Au cœur de cette inquiétude : l’hélium, un gaz discret mais absolument stratégique. Essentiel à la fabrication des puces électroniques, il est utilisé pour refroidir les wafers, alimenter les lasers de lithographie et sécuriser les équipements industriels. Or, une part significative de sa production transite précisément par le détroit d’Ormuz, aujourd’hui perturbé par les tensions militaires.
Le Golfe, maillon critique de l’industrie des puces
Le Qatar, qui représente environ un tiers de la production mondiale d’hélium, se retrouve en première ligne. Le gigantesque complexe gazier de Ras Laffan, déjà ciblé par des attaques de drones, a vu plusieurs de ses unités mises à l’arrêt. Une situation critique pour une ressource difficilement stockable et nécessitant un flux logistique constant. Dans ces conditions, le moindre grain de sable peut enrayer la machine. Comme le rappelaient déjà des responsables industriels américains, une interruption de quelques jours suffit à ralentir la production de semi-conducteurs ; au-delà, des fermetures d’usines deviennent envisageables.

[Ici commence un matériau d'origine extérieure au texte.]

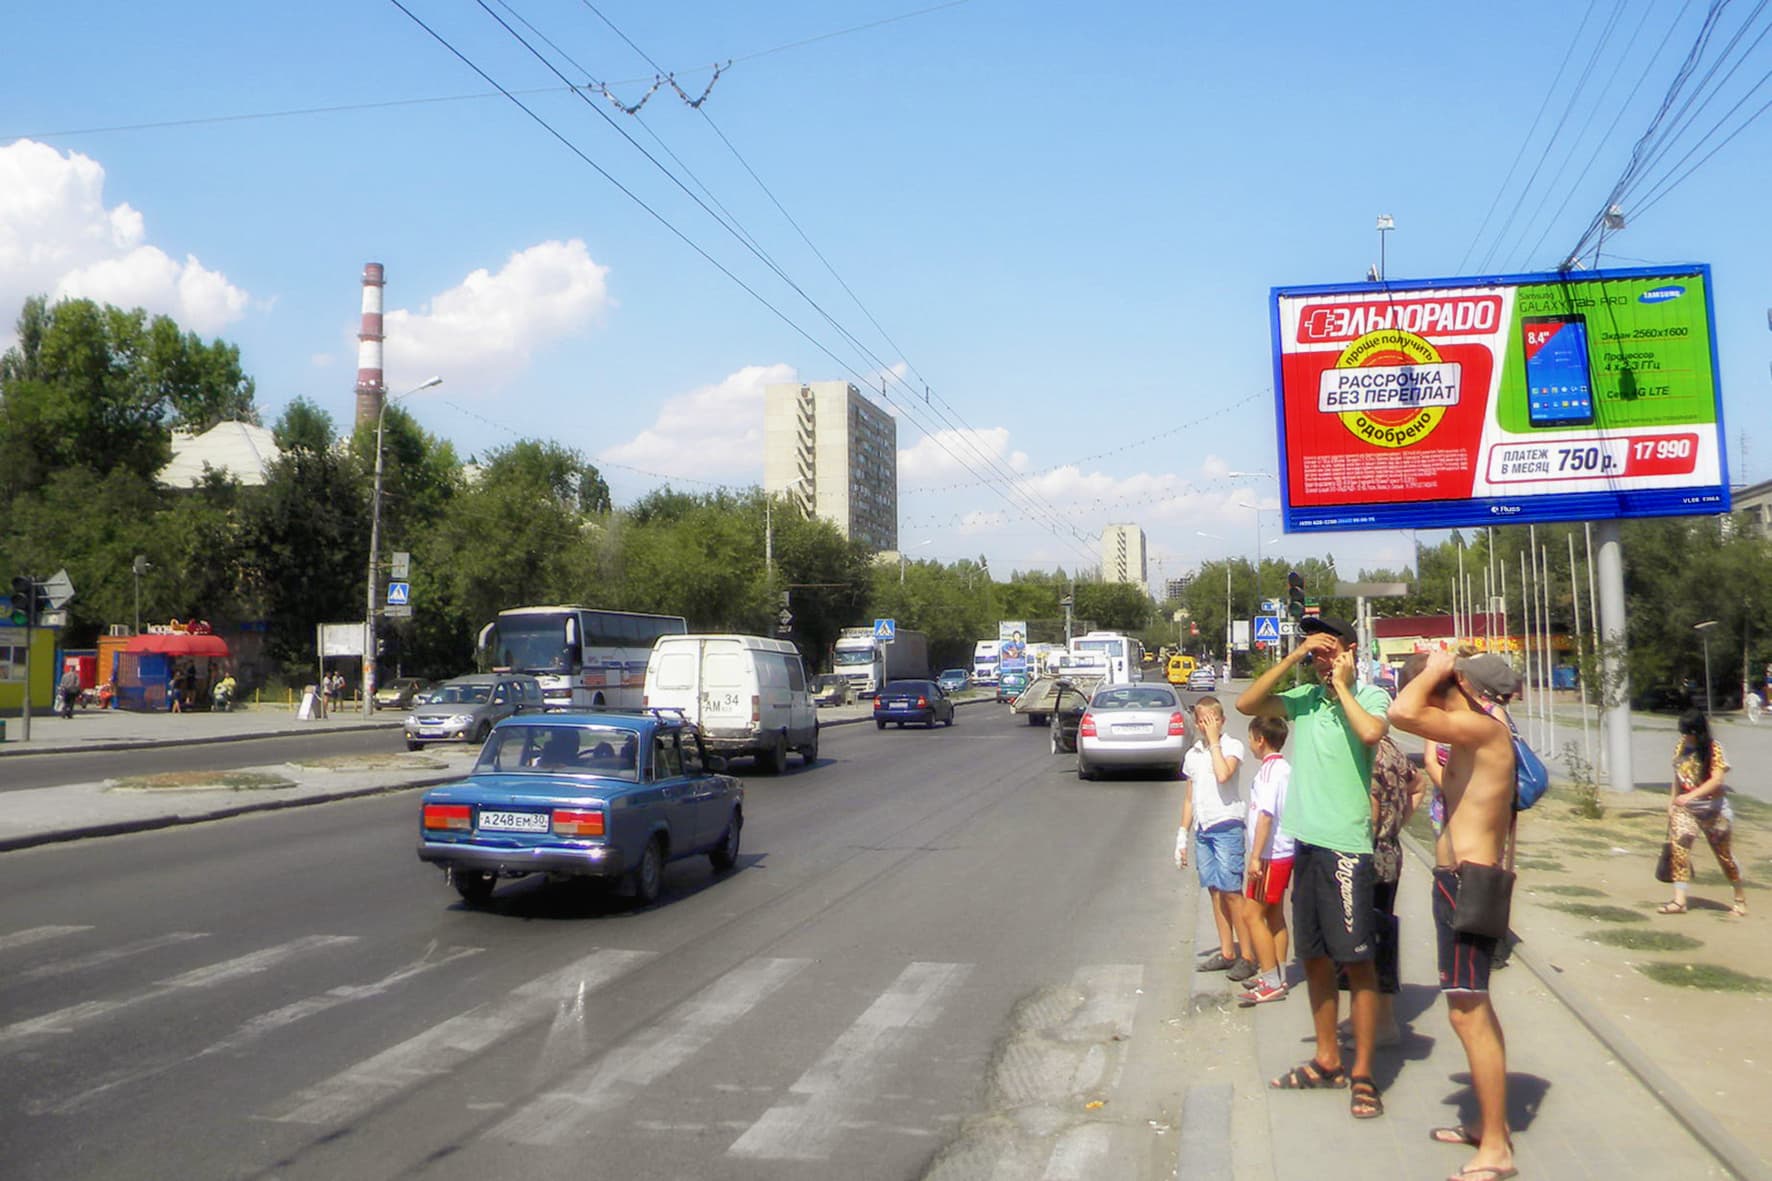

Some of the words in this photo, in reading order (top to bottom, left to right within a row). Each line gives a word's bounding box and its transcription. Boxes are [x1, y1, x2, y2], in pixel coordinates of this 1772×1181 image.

[1519, 292, 1554, 302] Samsung
[1519, 301, 1569, 313] GALAXY
[1571, 297, 1596, 308] Tab
[1600, 295, 1628, 306] PRO
[1601, 332, 1631, 341] Экран
[1346, 336, 1380, 366] проще
[1382, 335, 1434, 362] получить
[1603, 352, 1655, 362] Процессор
[1338, 370, 1442, 389] РАССРОЧКА
[1326, 391, 1360, 406] БЕЗ
[1364, 384, 1456, 404] ПЕРЕПЛАТ
[1649, 386, 1671, 397] LTE
[1356, 412, 1432, 445] одобрено
[1503, 449, 1549, 462] ПЛАТЕЖ
[1634, 441, 1654, 460] 17
[1656, 439, 1691, 459] 990
[1558, 447, 1598, 471] 750
[1501, 463, 1509, 475] В
[1511, 462, 1550, 474] МЕСЯЦ
[724, 694, 739, 706] 34
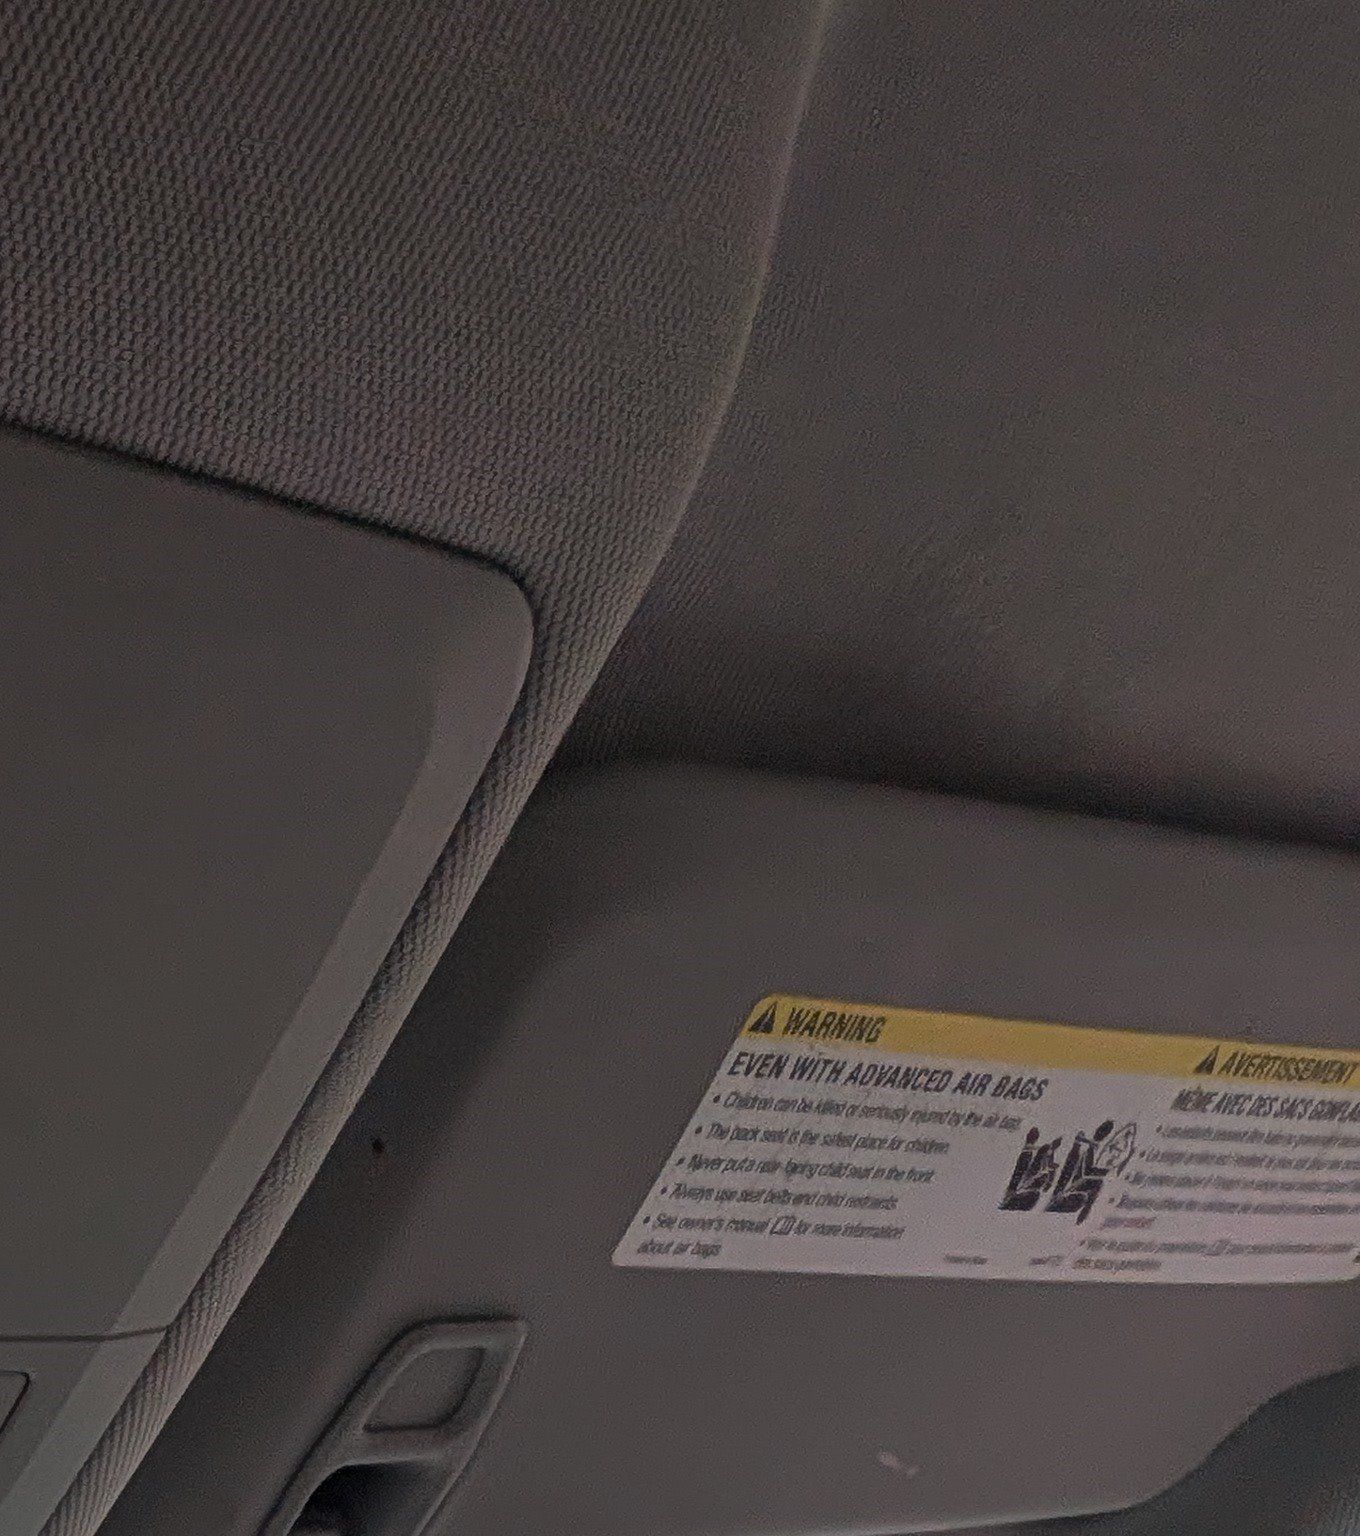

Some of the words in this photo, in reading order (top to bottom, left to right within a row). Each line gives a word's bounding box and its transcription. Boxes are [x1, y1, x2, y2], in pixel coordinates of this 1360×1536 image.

[782, 1006, 886, 1043] WARNING
[727, 1051, 791, 1080] EVEN
[789, 1055, 848, 1085] WITH
[843, 1061, 955, 1094] ADVANCED
[952, 1072, 993, 1097] AIR
[991, 1074, 1050, 1102] BAGS
[1217, 1049, 1360, 1085] AVERTISSEMENT
[1211, 1091, 1254, 1116] AVEC
[1246, 1094, 1280, 1118] DES
[1273, 1096, 1315, 1121] SACS

Des marchés sous pression, mais encore résilients
Pour l’heure, les grands producteurs tentent de rassurer. À Taïwan, pilier mondial du secteur, les autorités affirment que les chaînes d’approvisionnement restent diversifiées et solides. Mais derrière ce discours de stabilité, les signaux d’alerte se multiplient : les prix “spot” de l’hélium ont déjà doublé, preuve d’une tension croissante. Surtout, le facteur temps joue contre l’industrie. Même en cas d’accalmie rapide, les experts estiment qu’un retour à la normale prendrait plusieurs mois. Le redémarrage des sites qataris, combiné aux contraintes logistiques du détroit d’Ormuz, laisse présager une perturbation durable.
L’Asie, épicentre des risques
Le blocage maritime frappe directement les grandes puissances industrielles asiatiques. Inde, Chine, Japon, Corée du Sud et Taïwan dépendent massivement des flux énergétiques transitant par Ormuz. Or, ces mêmes pays concentrent l’essentiel de la production mondiale de semi-conducteurs. Taïwan, avec son champion TSMC, incarne cette dépendance critique. L’entreprise représente à elle seule plus de 70 % des capacités mondiales de production de puces avancées et consomme une part colossale de l’énergie de l’île.Une énergie largement importée, dont une fraction importante provient du Moyen-Orient. Les autorités taïwanaises assurent avoir sécurisé leurs approvisionnements à court terme, avec des réserves de gaz naturel liquéfié légèrement accrues. Mais la vulnérabilité structurelle demeure, d’autant que la transition vers les énergies renouvelables reste encore incomplète.